友人であるカッツンの家に居候させてもらいだらけた日々を送っていた僕は、夢をコントロールする方法を記載したブログを見つける。夢の中で死なない、夢に一週間以上とどまらないこと、と注意されつつ、僕は思い通りの夢を見る。その夢の中には、10年前に転校した元クラスメイトの霧崎紗耶香が現れる。彼女は僕の初恋の人で、そして、交通事故で死んでしまった人だった。
彼女との交流で、止まっていた僕の時間が動き出した――。


夢をコントロールする方法を得たニート生活の主人公が、現実では友人知人宅やネットカフェなどを転々としながら、夢の中で初恋の女の子との逢瀬を重ねていく物語。

これはいい。大好きなタイプの作品。
主に雰囲気が好き。
厳しい現実を突きつけられながらも飄々と生きる主人公がまとうゆるさと少々の倦怠感。
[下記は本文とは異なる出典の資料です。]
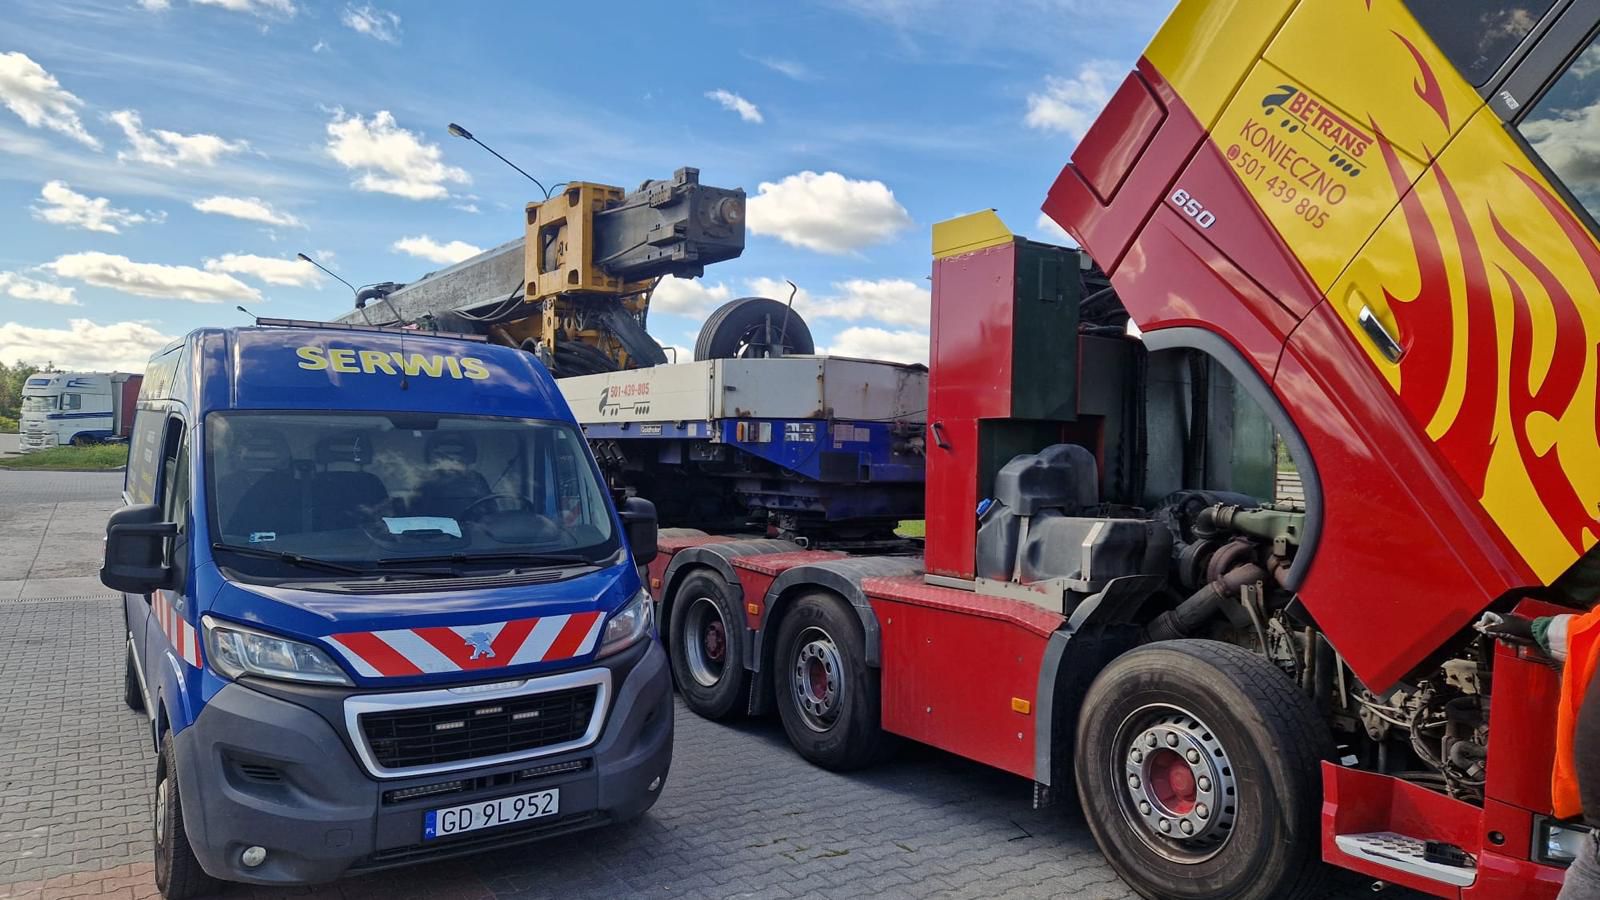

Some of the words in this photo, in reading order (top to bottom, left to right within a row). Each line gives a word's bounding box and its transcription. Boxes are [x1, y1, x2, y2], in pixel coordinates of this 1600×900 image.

根はいい人ばかりの登場人物たちが織りなす優しい世界。“初恋の女の子”の甘酸っぱさと話の半分は夢の中という儚さ。色々なものが混ざりあって、主人公は現実でも夢でももがいているというのに、ずっと浸っていたくなるような温かさを感じる不思議な空気感だった。
またストーリーとしては、愛とは何かと問いながら、現実では全くやる気が出ず無気力な主人公が、再び前を向いて立ち上がるまでを描く。いい話ではあるが、はっきり言ってありきたりだ。なのに、何故か言葉に説得力がある。ごく普通の励ましの言葉が、驚きのないラストが、素直に受け止められたり、胸にスルッと入ってくる。人に対する誠実さと、一生懸命過ぎない程よい脱力が良いのだろうか。
どこがと言葉にするのは難しいが、とても良かった。心地いい読書時間だった。

「さよならの言い方なんて知らない。」河野裕(新潮文庫nex)

あなたは架見崎の住民になる権利を得ました―。高校二年生の香屋歩の元に届いた奇妙な手紙。そこには初めて聞く街の名前が書かれていた。内容を訝しむ香屋だが、封筒には二年前に親友が最後に残したものと同じマークが。トーマが生きている?手がかりを求め、指定されたマンションを訪れると…。戦争。領土。能力者。死と涙と隣り合わせの青春を描く「架見崎」シリーズ、開幕。


これ「ウォーター&ビスケットのテーマ」だったのか。
作者買いであらすじを見ていなかったので、読み始めでビックリした。
帯に2巻来月、3巻冬ってあるし、スニーカーは打ち切り確定か。椎名さんの絵が良かったのに。それにしても、ゲーム性が高くてラノベらしい内容の本作が新潮文庫nexに移籍するのは意外だ。
一通り読み終わってもどこが改稿されているのか分からなかったので、スニーカーの方を引っ張り出して読む比べてみたら、説明部分が簡素化されていた。特に作中アニメ『ウォーター&ビスケットの冒険』の説明はかなり短くなっている。
あと改めて読んで感じたのは、香屋の性格の悪さと、目的も何を考えているのかも分からない秋穂の気味の悪さ(酷い言い様w
1巻を読む限りストーリーにはメスが入っていないようなので、2巻よりも冬に出るという3巻が楽しみ。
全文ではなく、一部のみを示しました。